Reproduce every line of the data, exactly and without its pictures.

:::

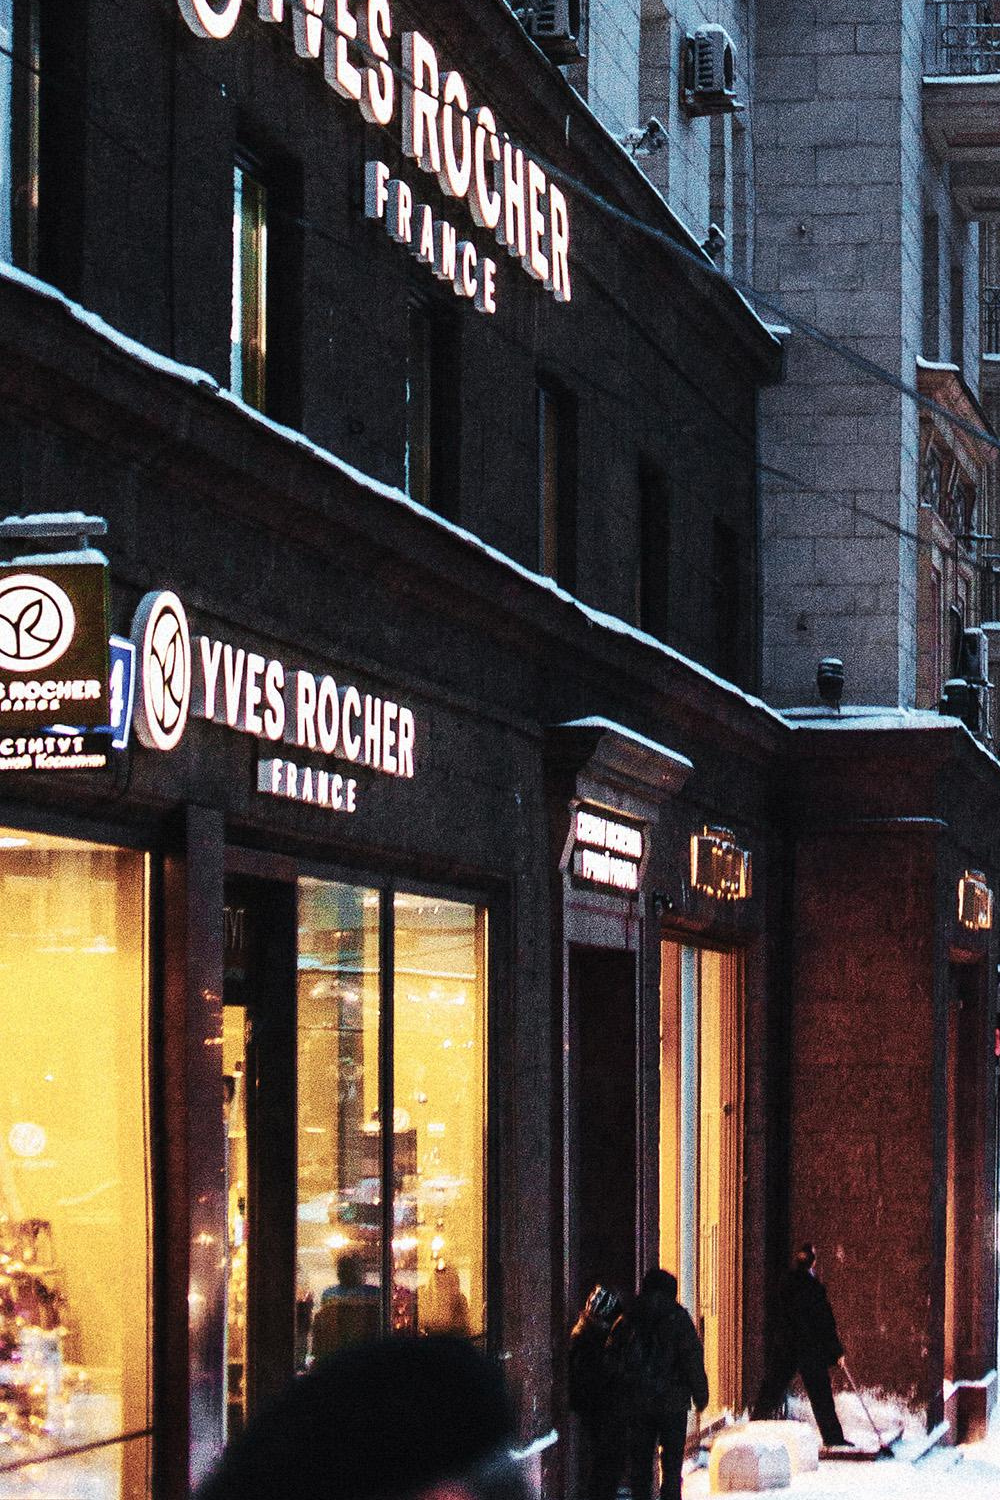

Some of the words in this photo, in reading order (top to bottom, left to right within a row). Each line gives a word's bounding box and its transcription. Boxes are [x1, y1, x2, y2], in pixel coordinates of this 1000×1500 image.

[376, 159, 497, 314] FRANCE
[411, 30, 573, 302] ROCHER
[8, 679, 102, 701] ROCHER
[200, 635, 286, 742] YVES
[296, 669, 415, 779] ROCHER
[271, 757, 358, 813] FRANCE

:::

Written response:
Some of the words in this photo, in reading order (top to bottom, left to right within a row). Each line gives a word's bounding box and its transcription. Boxes are [x1, y1, x2, y2], in pixel coordinates of this 1000×1500 image.

[376, 159, 497, 314] FRANCE
[411, 30, 573, 302] ROCHER
[8, 679, 102, 701] ROCHER
[200, 635, 286, 742] YVES
[296, 669, 415, 779] ROCHER
[271, 757, 358, 813] FRANCE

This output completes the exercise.